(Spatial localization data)
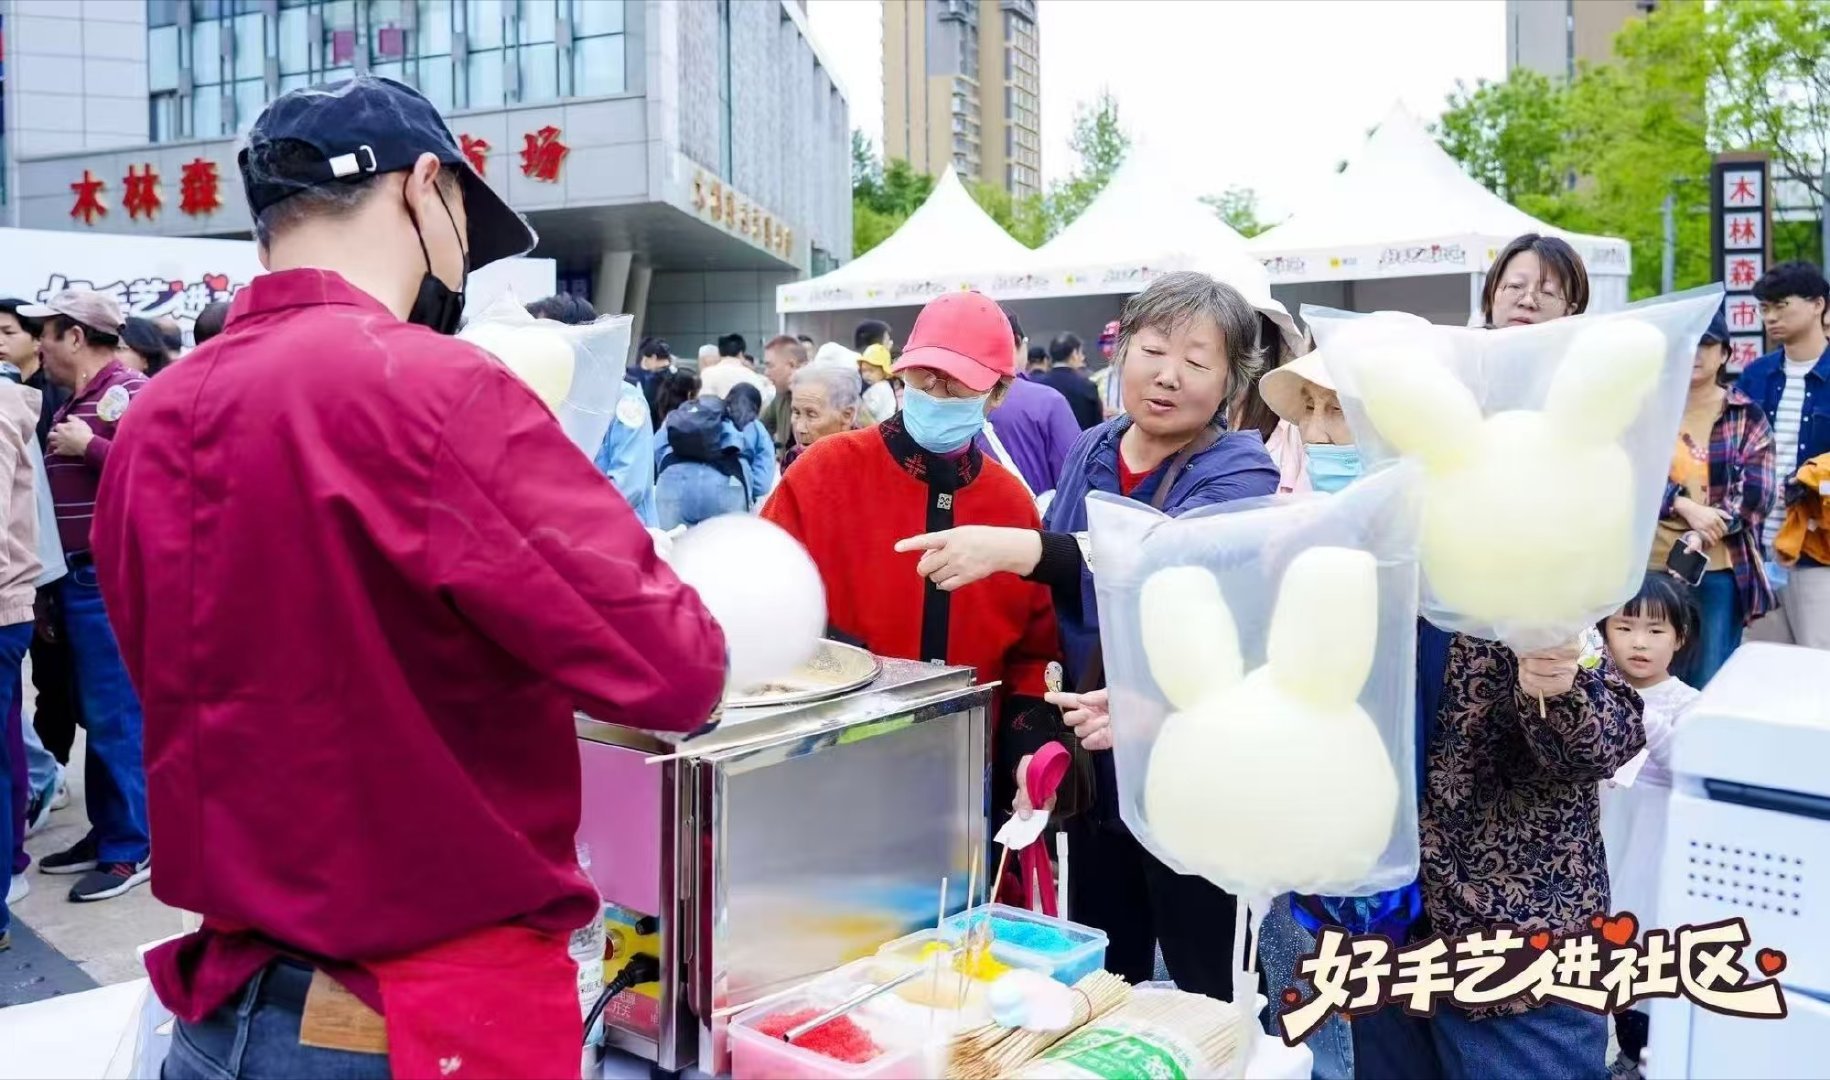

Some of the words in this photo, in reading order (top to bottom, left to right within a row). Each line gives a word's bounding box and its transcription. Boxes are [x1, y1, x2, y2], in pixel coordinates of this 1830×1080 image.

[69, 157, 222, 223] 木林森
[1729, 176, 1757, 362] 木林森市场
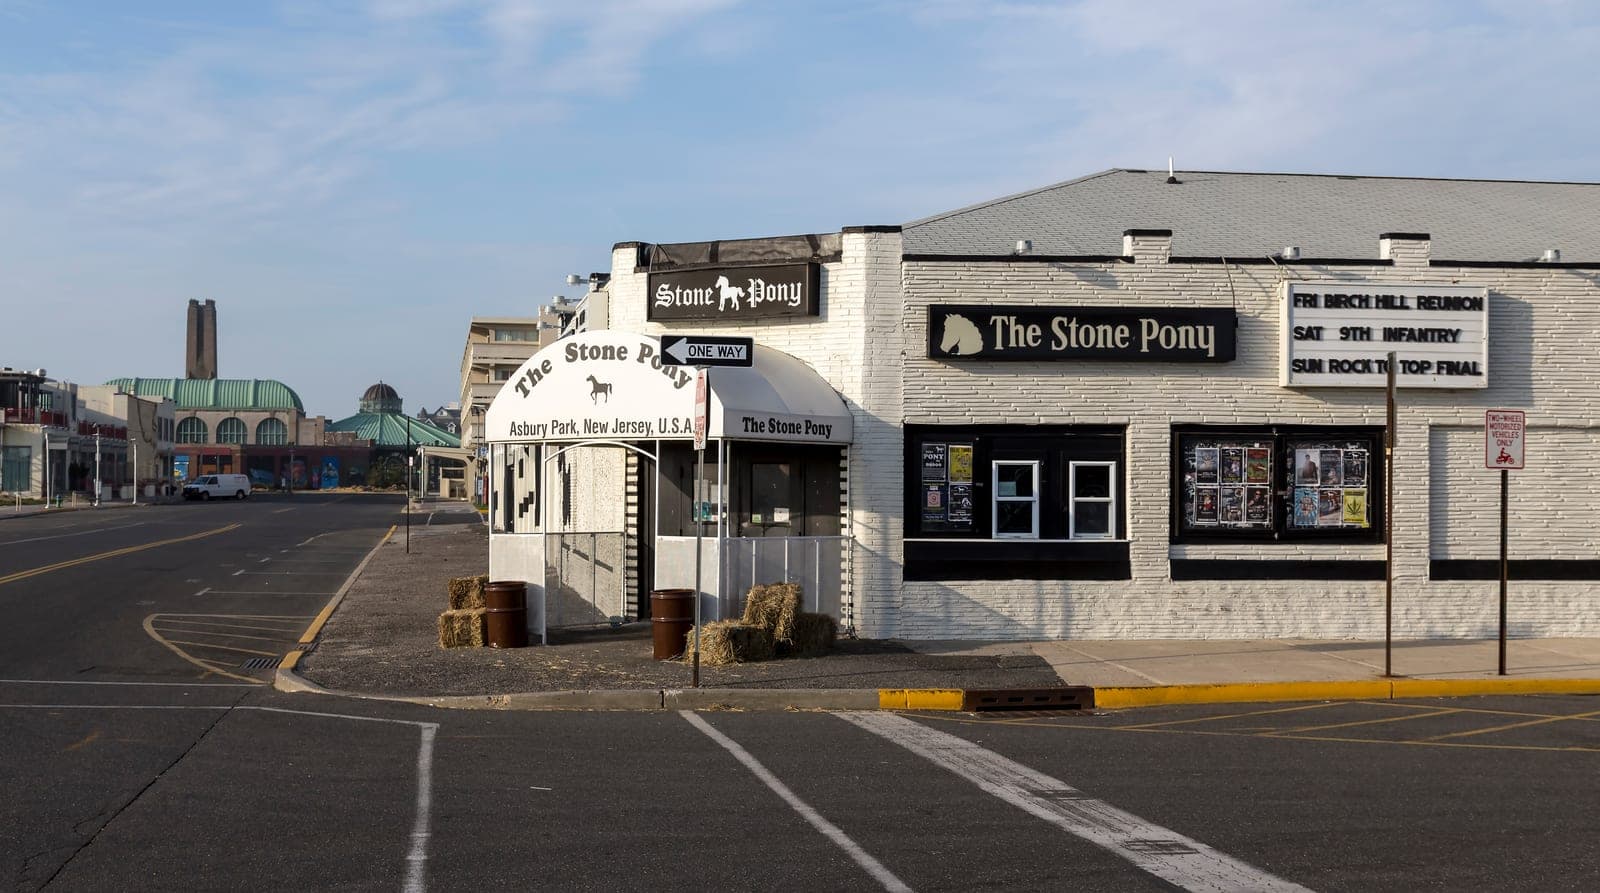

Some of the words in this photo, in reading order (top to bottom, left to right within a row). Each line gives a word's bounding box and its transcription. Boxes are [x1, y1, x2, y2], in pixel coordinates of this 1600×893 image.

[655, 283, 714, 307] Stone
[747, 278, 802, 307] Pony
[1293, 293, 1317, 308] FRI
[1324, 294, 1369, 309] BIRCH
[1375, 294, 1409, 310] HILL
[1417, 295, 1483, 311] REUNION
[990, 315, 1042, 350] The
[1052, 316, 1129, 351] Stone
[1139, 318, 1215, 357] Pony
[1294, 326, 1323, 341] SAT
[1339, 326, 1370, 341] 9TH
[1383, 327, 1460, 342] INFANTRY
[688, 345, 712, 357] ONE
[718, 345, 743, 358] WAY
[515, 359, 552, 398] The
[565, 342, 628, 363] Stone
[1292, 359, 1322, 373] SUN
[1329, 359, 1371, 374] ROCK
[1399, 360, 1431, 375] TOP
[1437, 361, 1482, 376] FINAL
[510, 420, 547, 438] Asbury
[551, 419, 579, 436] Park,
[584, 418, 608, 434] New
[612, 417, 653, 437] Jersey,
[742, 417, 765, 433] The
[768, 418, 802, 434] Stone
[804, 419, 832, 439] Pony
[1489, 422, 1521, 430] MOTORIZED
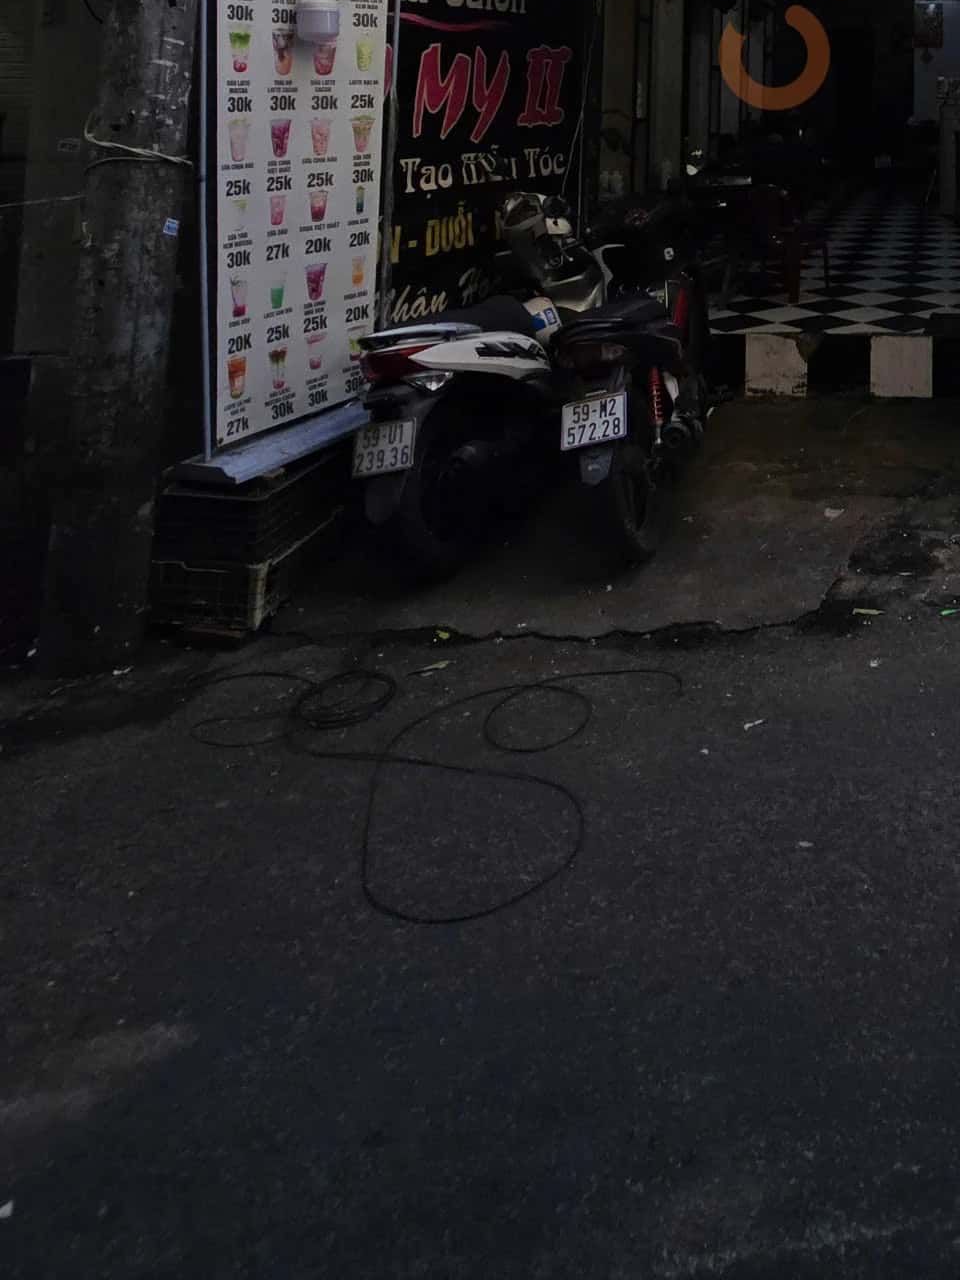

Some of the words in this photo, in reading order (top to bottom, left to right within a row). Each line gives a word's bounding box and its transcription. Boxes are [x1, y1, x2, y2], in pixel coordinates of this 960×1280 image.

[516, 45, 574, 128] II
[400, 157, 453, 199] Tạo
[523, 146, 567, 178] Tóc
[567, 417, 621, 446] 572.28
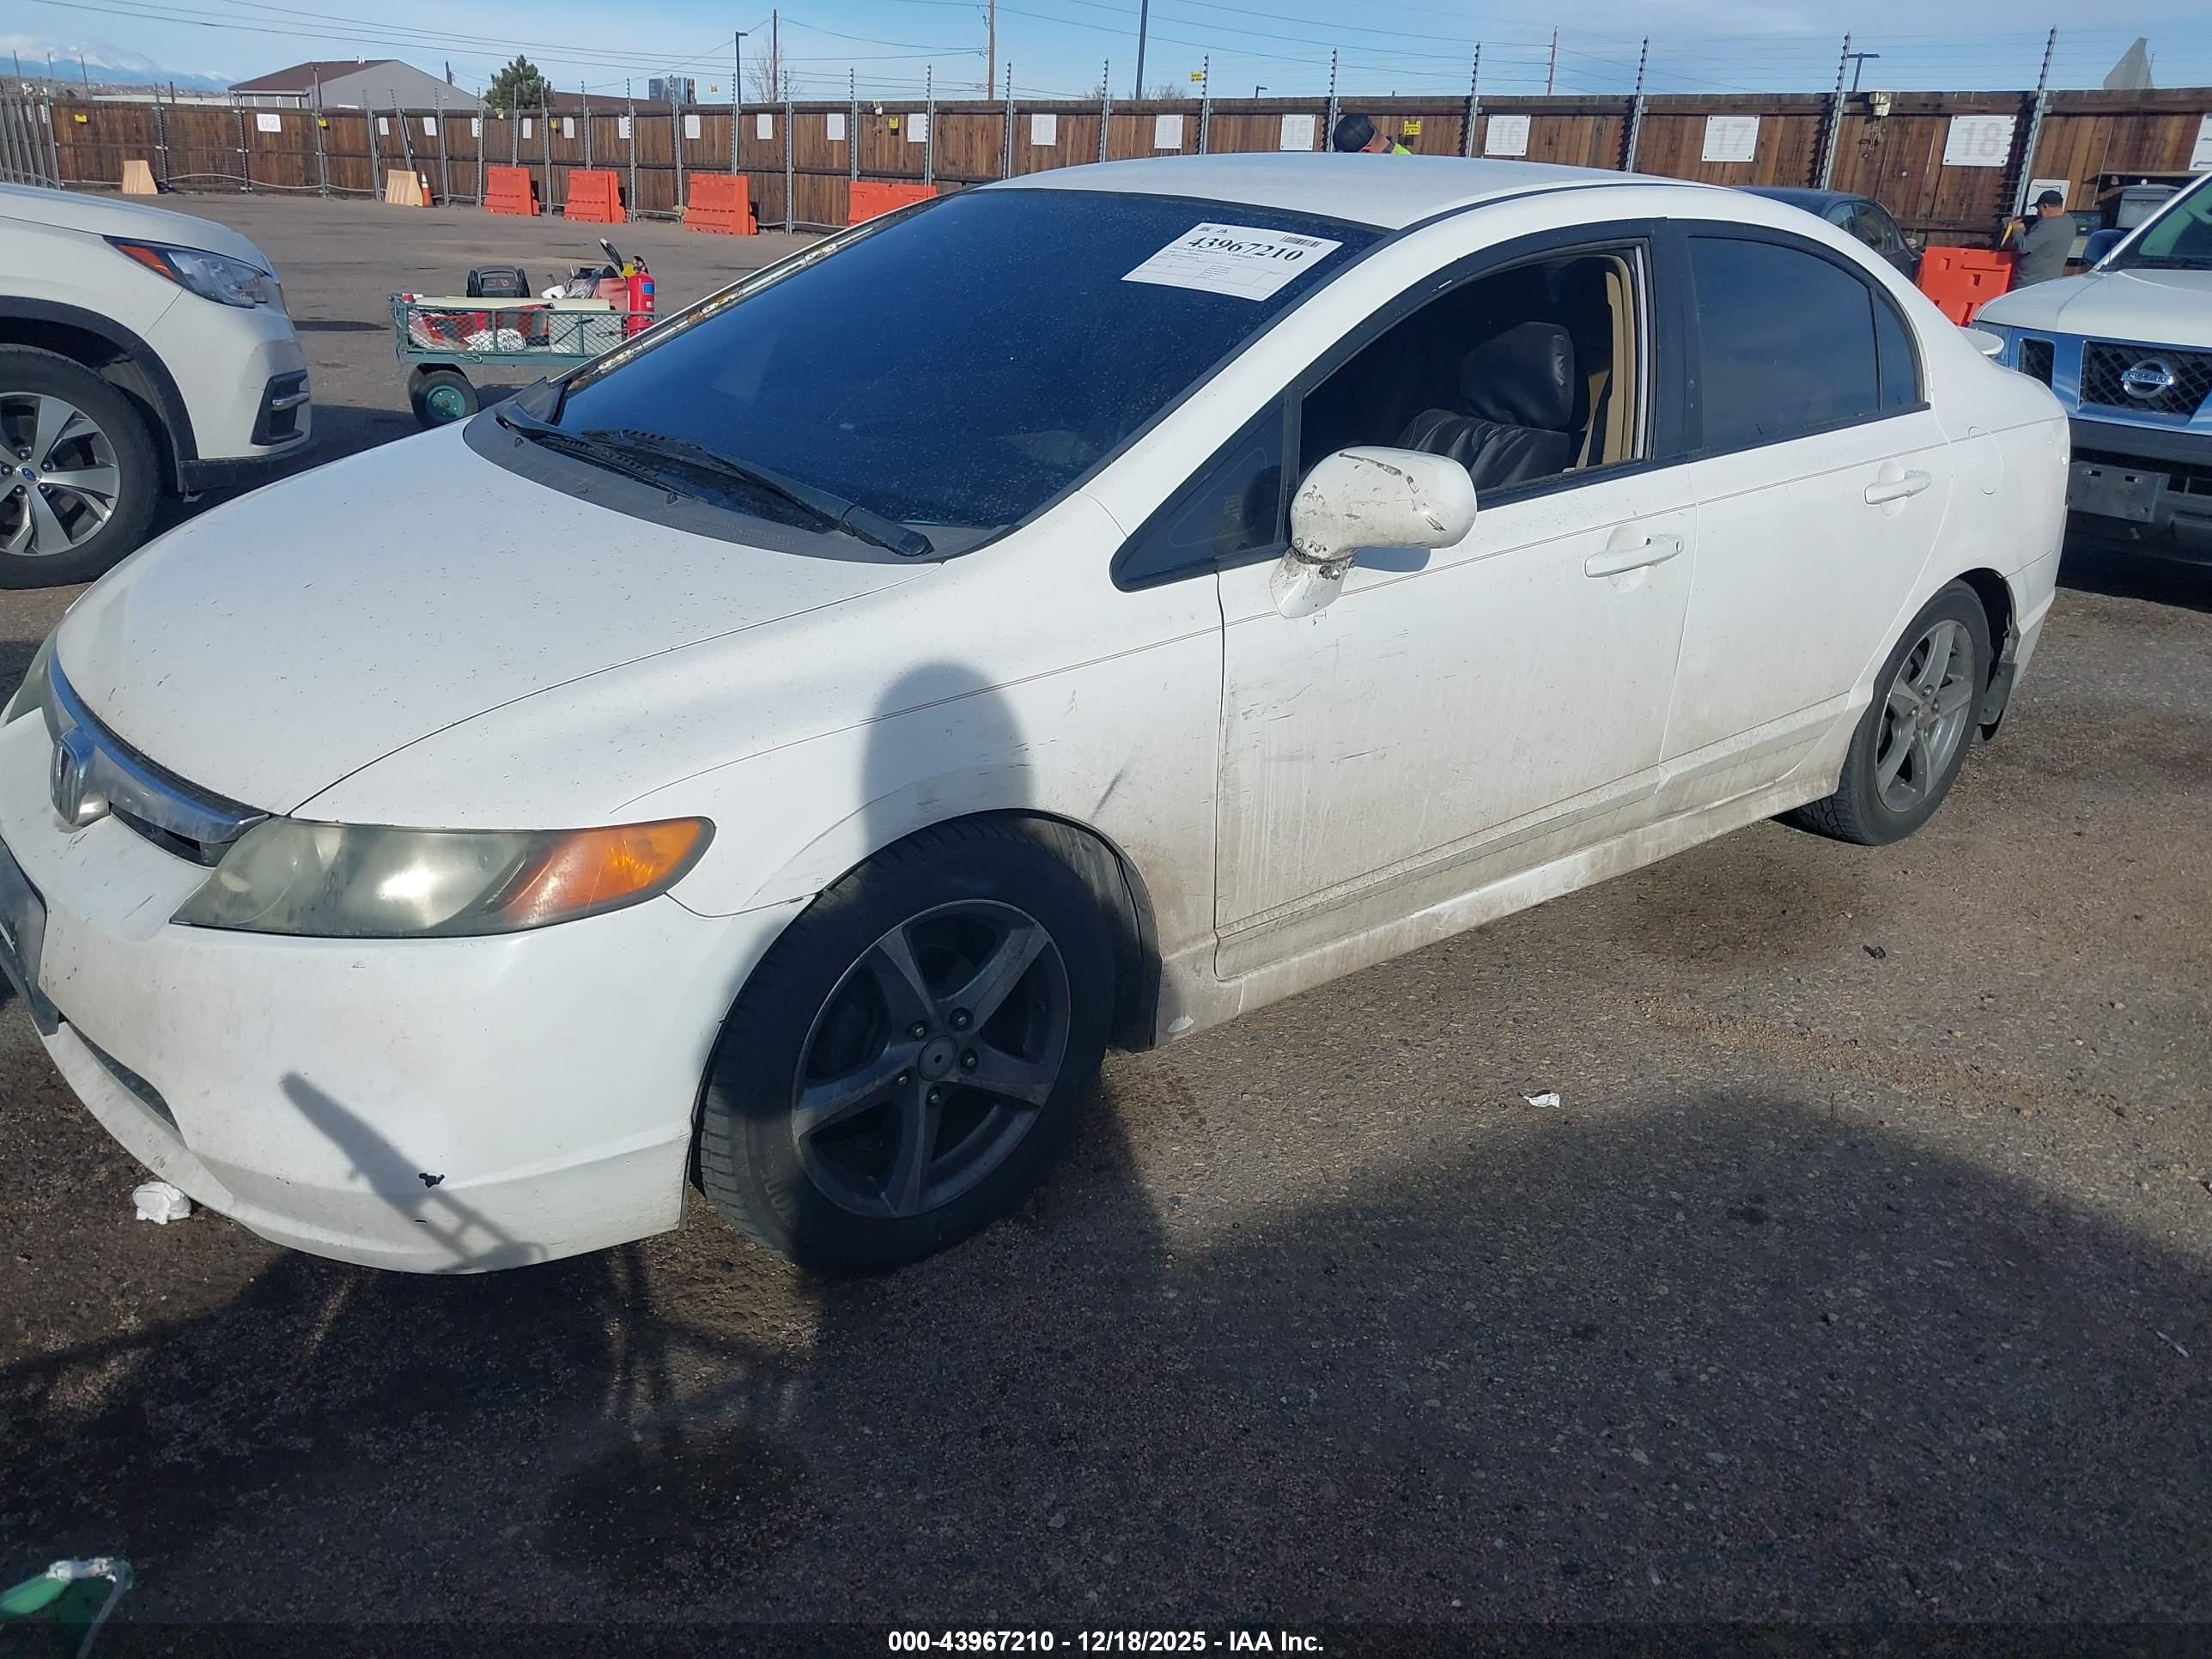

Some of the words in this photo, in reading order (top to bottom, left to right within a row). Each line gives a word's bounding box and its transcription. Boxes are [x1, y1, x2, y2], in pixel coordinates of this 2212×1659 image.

EXERCISE ▸ Every record above, copied exactly and without a single picture, makes up the answer.

EXERCISE OUTPUT ▸
Some of the words in this photo, in reading order (top to bottom, left to right within a row). Each line gives a word's bounding box and its transcription. Boxes are [x1, y1, x2, y2], in pixel coordinates of this 1830×1080 image.

[69, 157, 222, 223] 木林森
[1729, 176, 1757, 362] 木林森市场

Some of the words in this photo, in reading order (top to bottom, left to right within a row). Each line gives a word's bounding box and its transcription. Boxes are [x1, y1, x2, y2], in pixel coordinates of this 1600×893 image.

[655, 283, 714, 307] Stone
[747, 278, 802, 307] Pony
[1293, 293, 1317, 308] FRI
[1324, 294, 1369, 309] BIRCH
[1375, 294, 1409, 310] HILL
[1417, 295, 1483, 311] REUNION
[990, 315, 1042, 350] The
[1052, 316, 1129, 351] Stone
[1139, 318, 1215, 357] Pony
[1294, 326, 1323, 341] SAT
[1339, 326, 1370, 341] 9TH
[1383, 327, 1460, 342] INFANTRY
[688, 345, 712, 357] ONE
[718, 345, 743, 358] WAY
[515, 359, 552, 398] The
[565, 342, 628, 363] Stone
[1292, 359, 1322, 373] SUN
[1329, 359, 1371, 374] ROCK
[1399, 360, 1431, 375] TOP
[1437, 361, 1482, 376] FINAL
[510, 420, 547, 438] Asbury
[551, 419, 579, 436] Park,
[584, 418, 608, 434] New
[612, 417, 653, 437] Jersey,
[742, 417, 765, 433] The
[768, 418, 802, 434] Stone
[804, 419, 832, 439] Pony
[1489, 422, 1521, 430] MOTORIZED

Some of the words in this photo, in reading order (top to bottom, left to right within a row). Each line gives a word's bounding box and its transcription. Boxes are [x1, y1, x2, y2], in pixel coordinates of this 960×1280 image.

[516, 45, 574, 128] II
[400, 157, 453, 199] Tạo
[523, 146, 567, 178] Tóc
[567, 417, 621, 446] 572.28

Some of the words in this photo, in reading order (top to bottom, left to right within a row). Each line gives a word's bounding box and its transcription. Boxes are [x1, y1, x2, y2], in pixel coordinates of this 2212×1659 image.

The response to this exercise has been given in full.